The installer applies:

[Journal]
SystemMaxUse=1G
SystemKeepFree=2G
MaxRetentionSec=14day
Compress=yes

These settings bound journal growth while retaining useful troubleshooting evidence. Capacity and retention should be adjusted to the host's disk size and incident-response requirements.

Disk watch policy

The disk check uses df -P, defaults to an 85 percent threshold, and returns 1 when any checked filesystem meets or exceeds the threshold. Override the threshold for a manual or unit invocation with:

sudo AILAB_DISK_THRESHOLD=90 /usr/local/sbin/ailab-disk-watch.sh

The script reports every filesystem as OK or WARNING; it does not delete data or attempt remediation.

Example operational workflows

Weekly maintenance review

sudo /usr/local/sbin/ailab-healthcheck.sh
sudo /usr/local/sbin/ailab-kernel-cleanup.sh
sudo /usr/local/sbin/ailab-docker-cleanup.sh
systemctl list-timers --all | grep ailab-

Review the kernel simulation, Docker usage, failed units, backup freshness, and disk warnings before approving manual changes.
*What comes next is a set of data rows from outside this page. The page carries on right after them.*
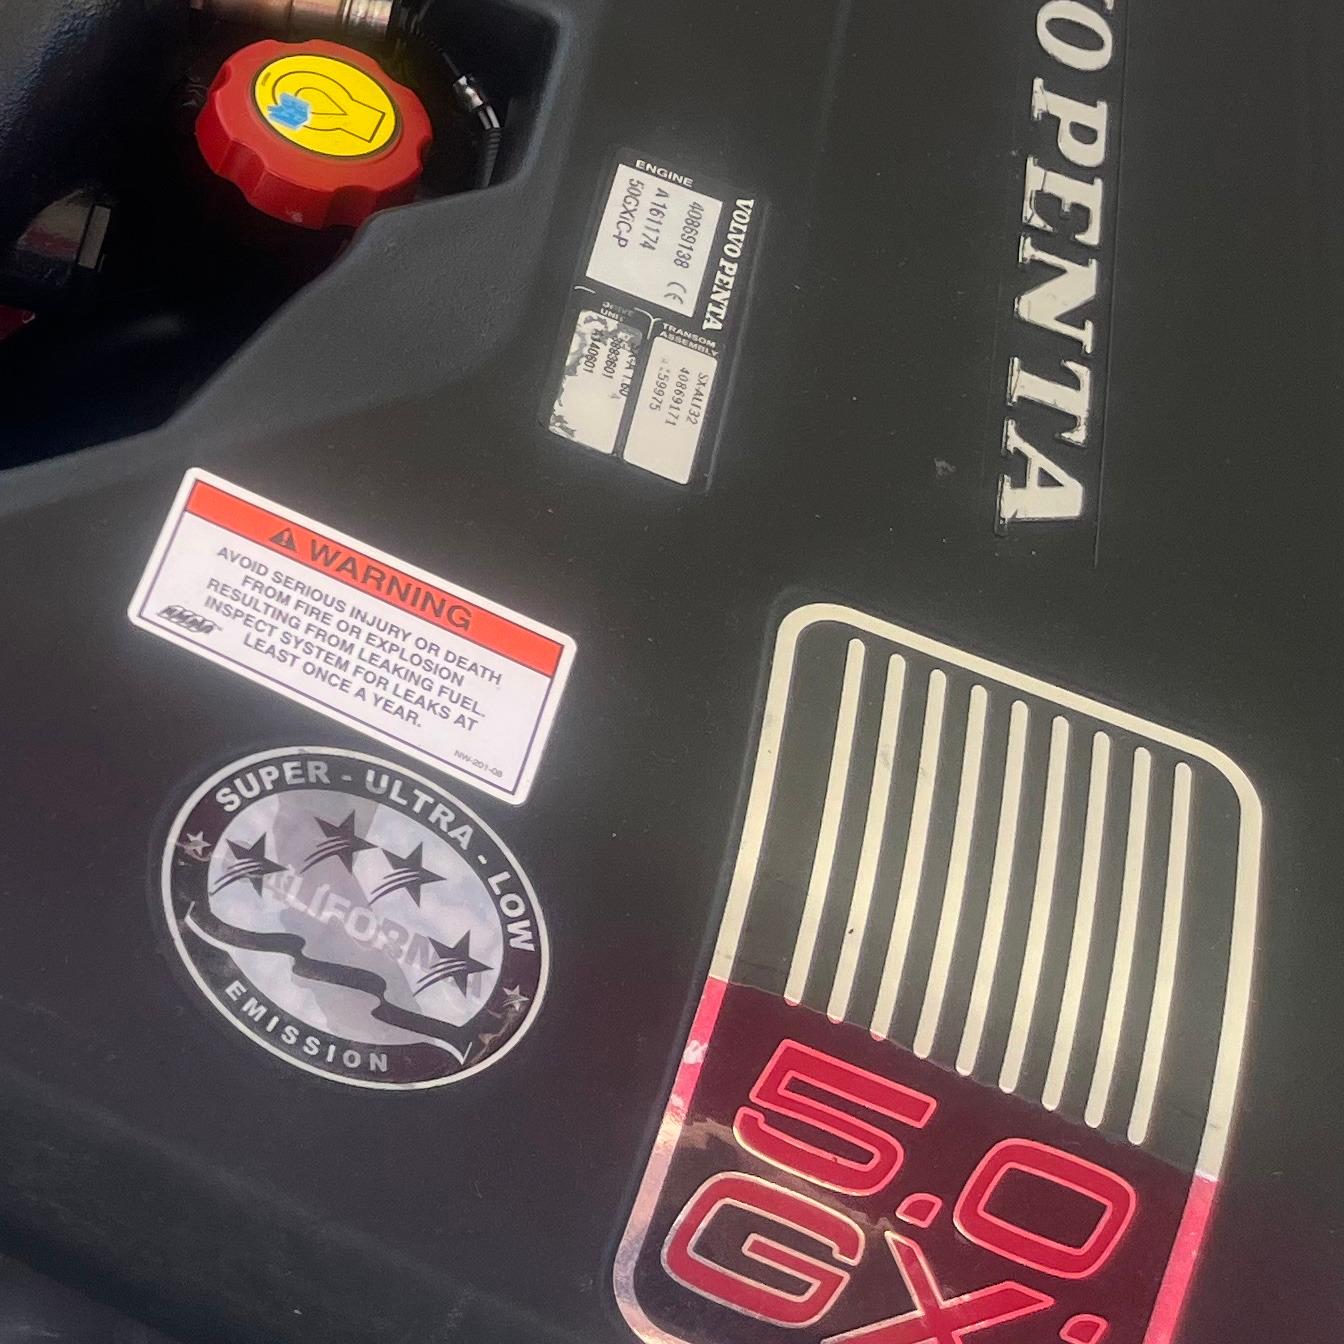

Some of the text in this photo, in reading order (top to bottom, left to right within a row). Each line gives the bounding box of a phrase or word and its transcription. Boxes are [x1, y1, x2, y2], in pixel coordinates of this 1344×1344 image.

[635, 159, 694, 188] ENGINE
[640, 201, 669, 251] 161174
[673, 201, 705, 269] 40869138
[702, 197, 755, 331] VOLVO PENTA
[995, 76, 1110, 529] PENTA
[662, 322, 717, 349] TRANSOM
[217, 546, 503, 686] AVOID SERIOUS INJURY OR DEATH
[241, 575, 465, 687] FROM FIRE OR EXPLOSION
[310, 538, 474, 632] WARNING
[204, 595, 479, 732] INSPECT SYSTEM FOR LEAKS AT
[206, 577, 486, 718] RESULTING FROM LEAKING FUEL.
[243, 632, 422, 728] LEAST ONCE A YEAR.
[214, 760, 331, 814] SUPER
[364, 768, 475, 852] ULTRA
[487, 870, 536, 953] LOW
[224, 979, 389, 1074] EMISSION
[732, 1038, 1137, 1280] 5.0
[660, 1171, 1109, 1344] GX
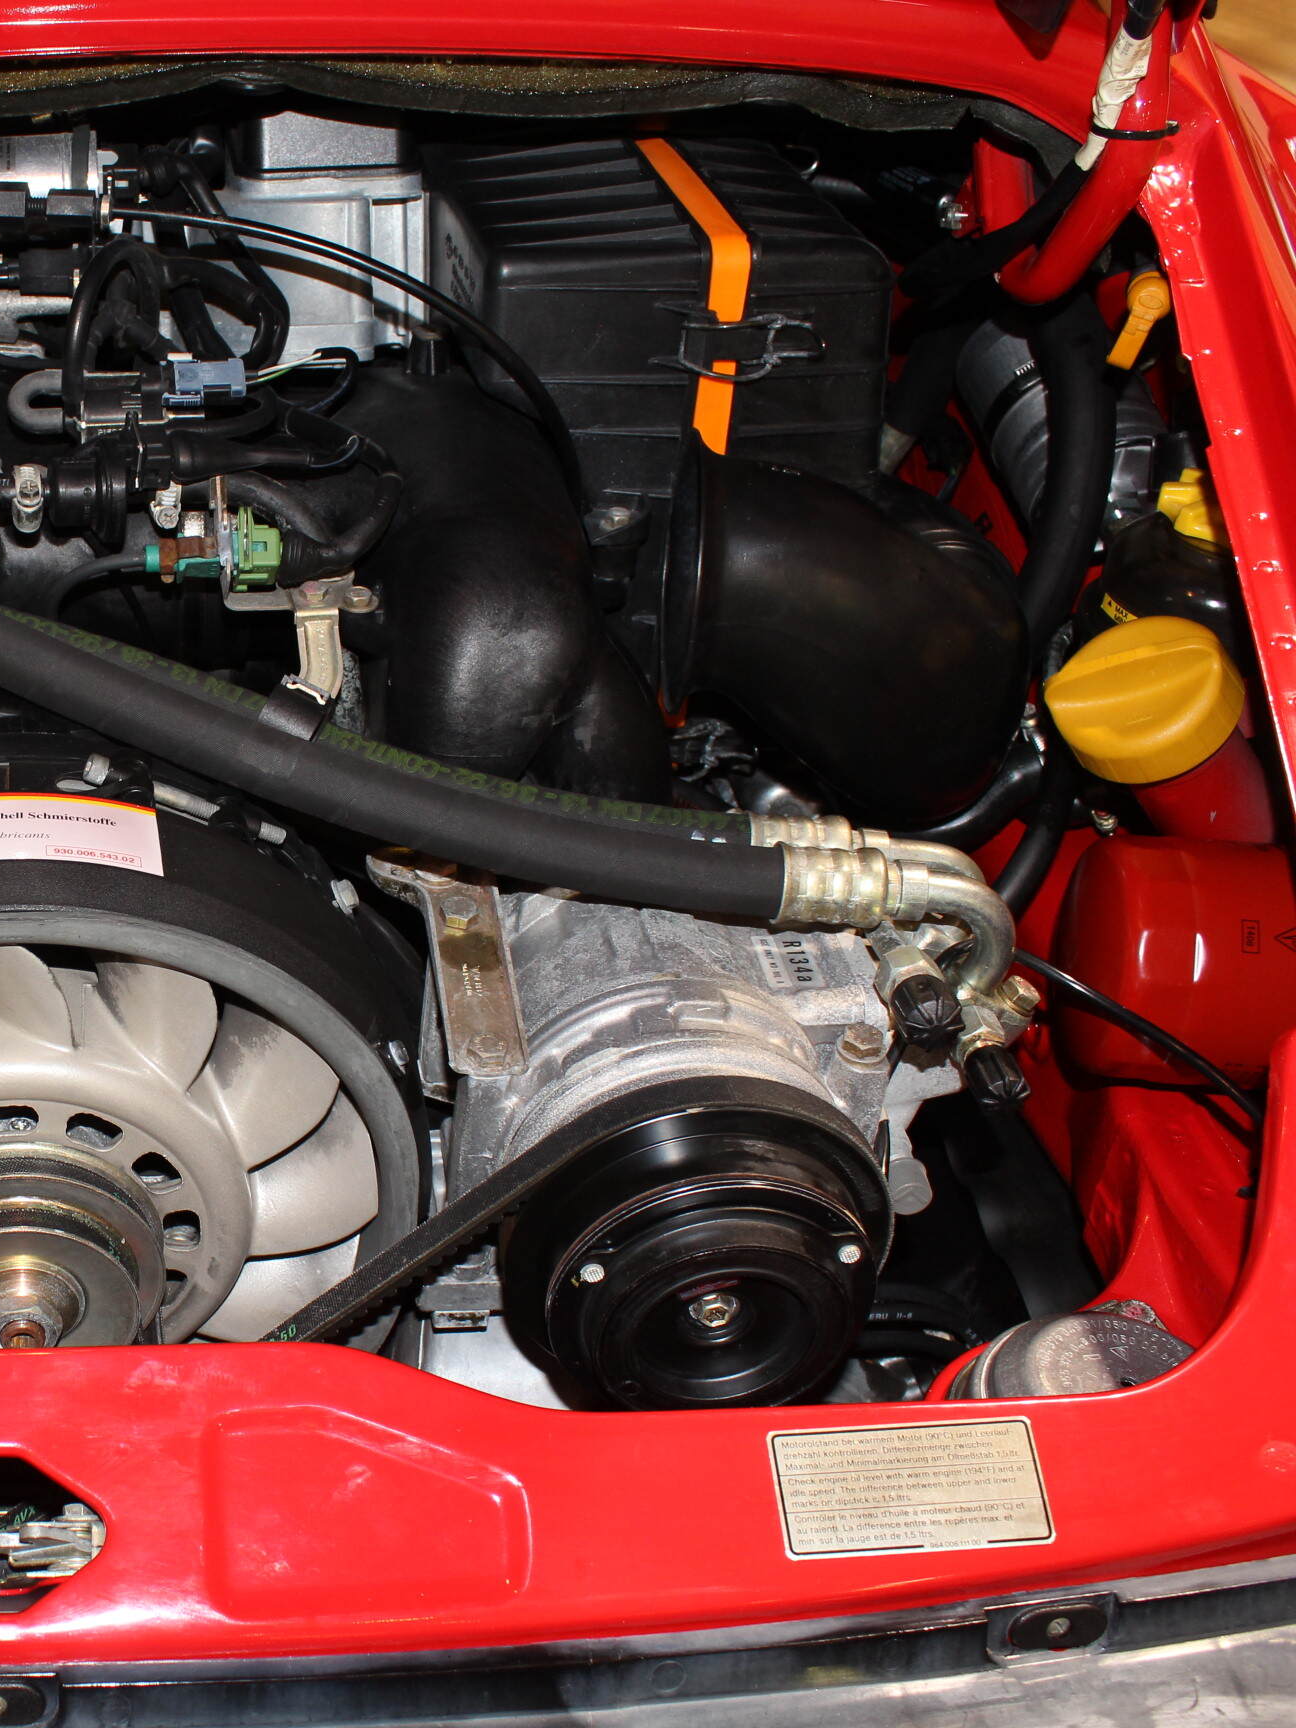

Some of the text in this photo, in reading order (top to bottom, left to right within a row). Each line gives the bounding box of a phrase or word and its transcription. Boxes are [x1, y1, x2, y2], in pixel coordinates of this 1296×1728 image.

[28, 811, 117, 827] Schmierstoffe
[782, 940, 814, 982] R134a
[956, 1431, 973, 1439] und
[788, 1478, 816, 1487] Check
[819, 1475, 849, 1485] engine
[906, 1471, 931, 1479] warm
[932, 1468, 962, 1478] engine
[998, 1465, 1014, 1473] and
[1016, 1464, 1026, 1472] at
[840, 1485, 857, 1494] The
[906, 1480, 944, 1490] between
[946, 1480, 971, 1489] upper
[974, 1478, 991, 1486] and
[954, 1504, 983, 1513] chaud
[1015, 1502, 1026, 1510] et
[843, 1523, 854, 1532] La
[904, 1519, 927, 1528] entre
[929, 1518, 943, 1526] les
[846, 1534, 871, 1545] jauge
[873, 1533, 888, 1541] est
[890, 1532, 902, 1540] de
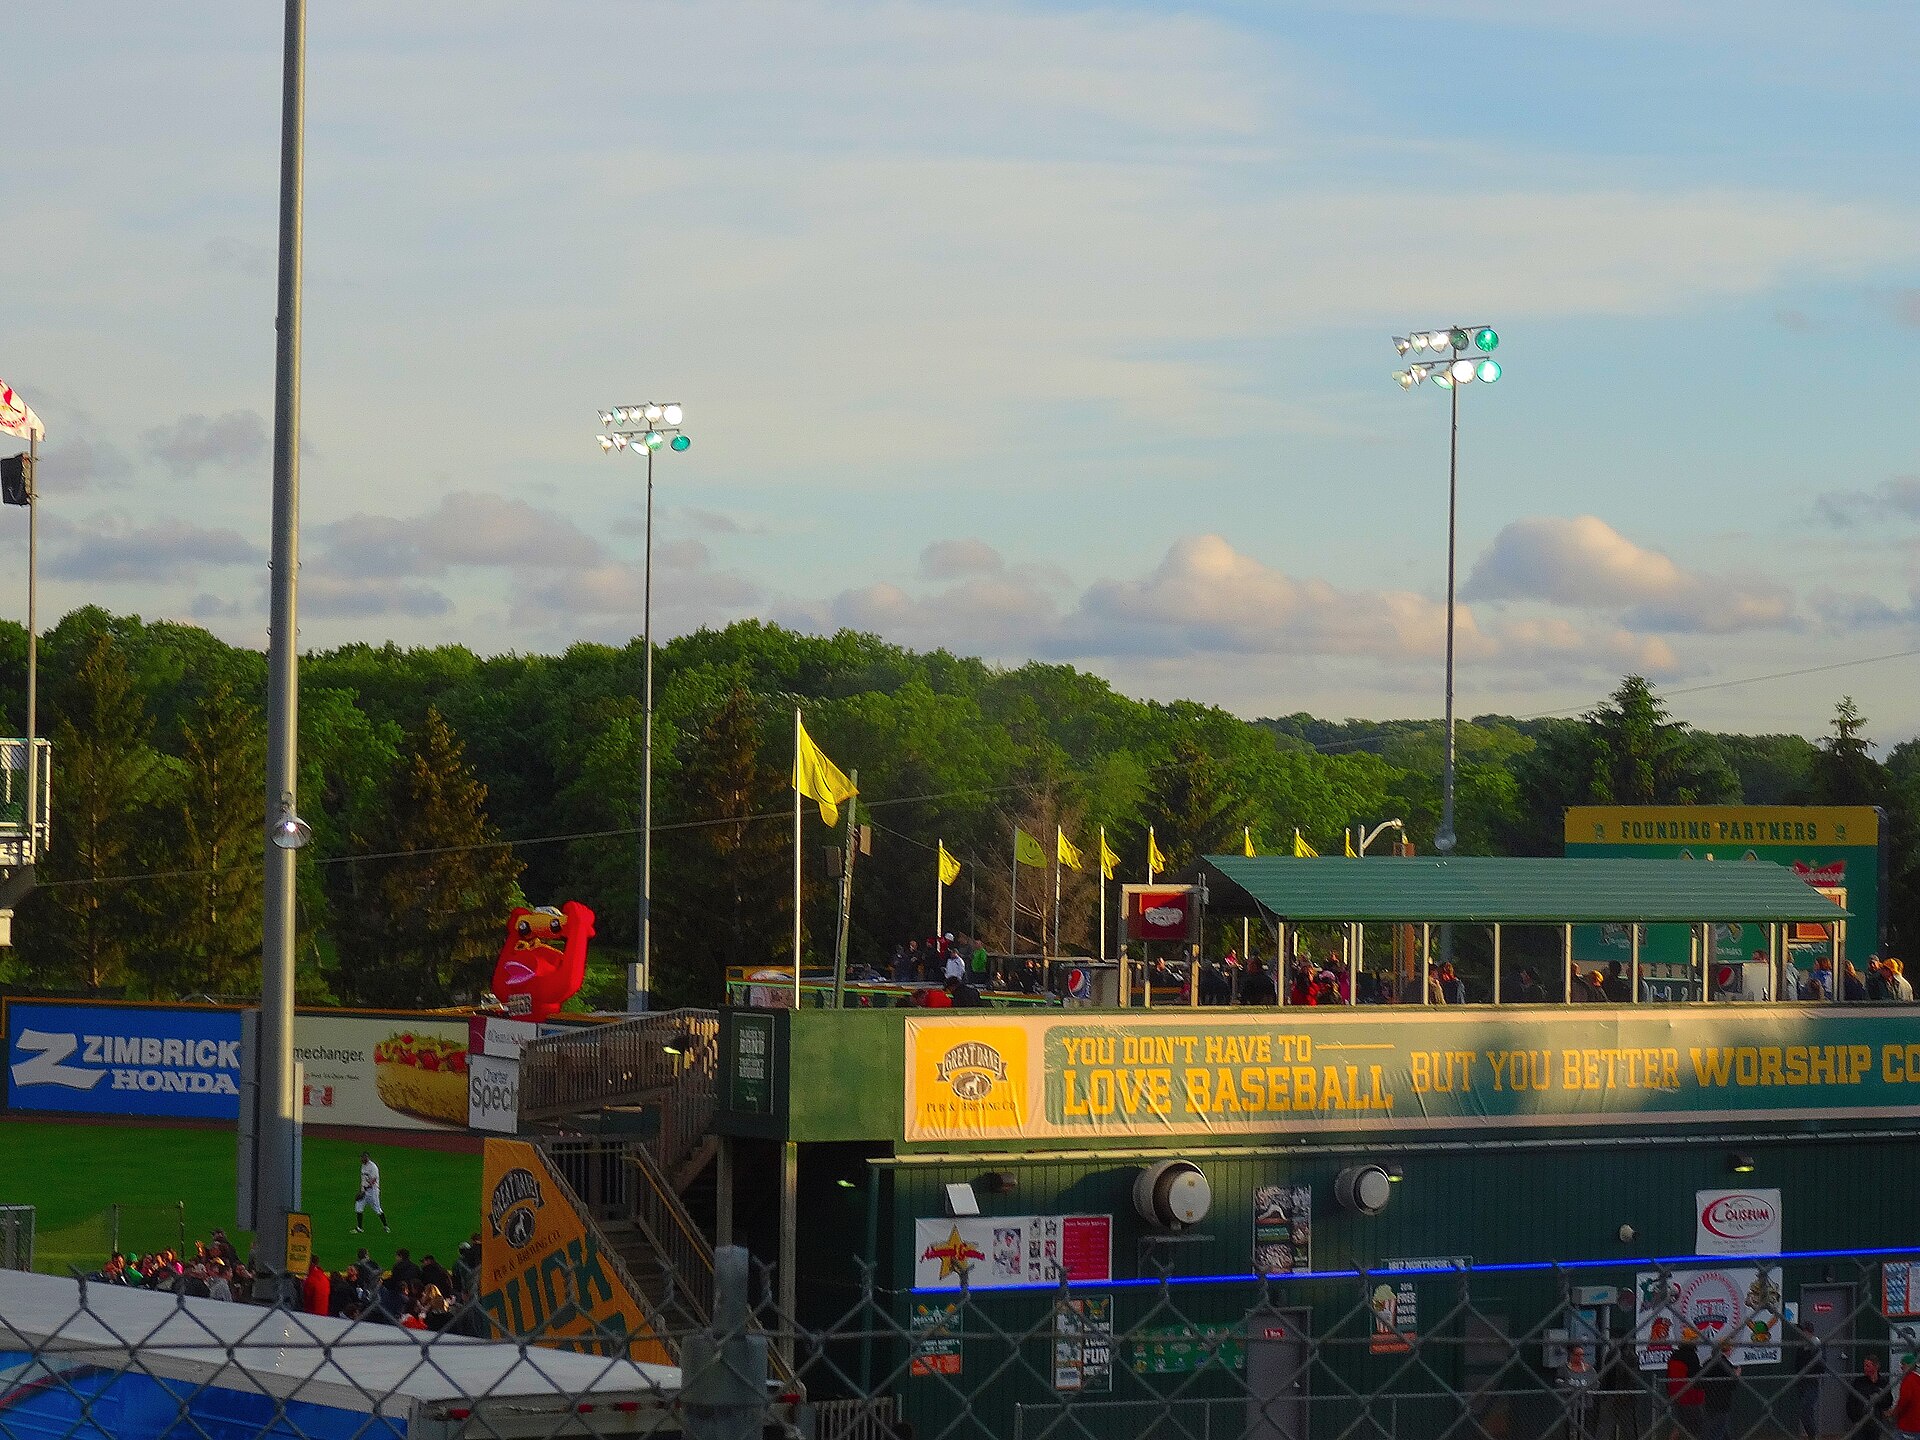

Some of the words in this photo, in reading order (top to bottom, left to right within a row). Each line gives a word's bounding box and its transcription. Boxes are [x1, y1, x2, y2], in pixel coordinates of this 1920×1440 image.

[1621, 821, 1711, 839] FOUNDING
[1719, 821, 1817, 840] PARTNERS
[83, 1035, 240, 1068] ZIMBRICK
[944, 1043, 976, 1072] GREAT
[977, 1044, 1001, 1073] DANE
[1063, 1037, 1114, 1065] YOU
[1123, 1036, 1198, 1065] DON'T
[1205, 1035, 1272, 1064] HAVE
[1278, 1034, 1312, 1063] TO
[111, 1069, 239, 1095] HONDA
[1410, 1051, 1477, 1092] BUT
[1486, 1050, 1551, 1091] YOU
[1562, 1048, 1680, 1089] BETTER
[1689, 1045, 1872, 1087] WORSHIP
[1063, 1068, 1171, 1115] LOVE
[1184, 1065, 1393, 1113] BASEBALL
[1083, 1347, 1110, 1364] FUN
Disk pressure investigation

sudo AILAB_DISK_THRESHOLD=80 /usr/local/sbin/ailab-disk-watch.sh
sudo docker system df
sudo journalctl --disk-usage
sudo /usr/local/sbin/ailab-vm-audit.sh

Use the evidence to identify ownership. Do not treat Docker pruning or file deletion as a substitute for application-specific retention policy.

Post-maintenance evidence

sudo /usr/local/sbin/ailab-healthcheck.sh \
  | sudo tee /root/ailab-healthcheck-after-maintenance.txt
journalctl --since today -u 'ailab-*.service'

Interview talking points

  • Why timer units explicitly carry the non-interactive execution boundary.
  • Why APT dependency policy is safer than regex-based kernel deletion.
  • How Docker volume preservation separates platform hygiene from application data lifecycle decisions.
  • How optional dependency handling keeps one health command useful across container, GPU, and virtualization host variants.
  • Why configuration backup and application-data backup are separate concerns.
  • How exit codes, persistent timers, logs, and post-checks support operations.

Future improvements

  • Add a dedicated logrotate policy after measuring log growth.
  • Export disk-watch status to a monitoring system instead of relying only on timer failure state.
  • Add automated archive integrity checks and off-host replication.
  • Add Bats tests using mocked apt, docker, virsh, and systemctl commands.
  • Add package-lock detection with bounded retry policy if recurring contention is observed.
  • Validate NVIDIA DKMS state and libvirt GPU passthrough configuration in a dedicated read-only audit.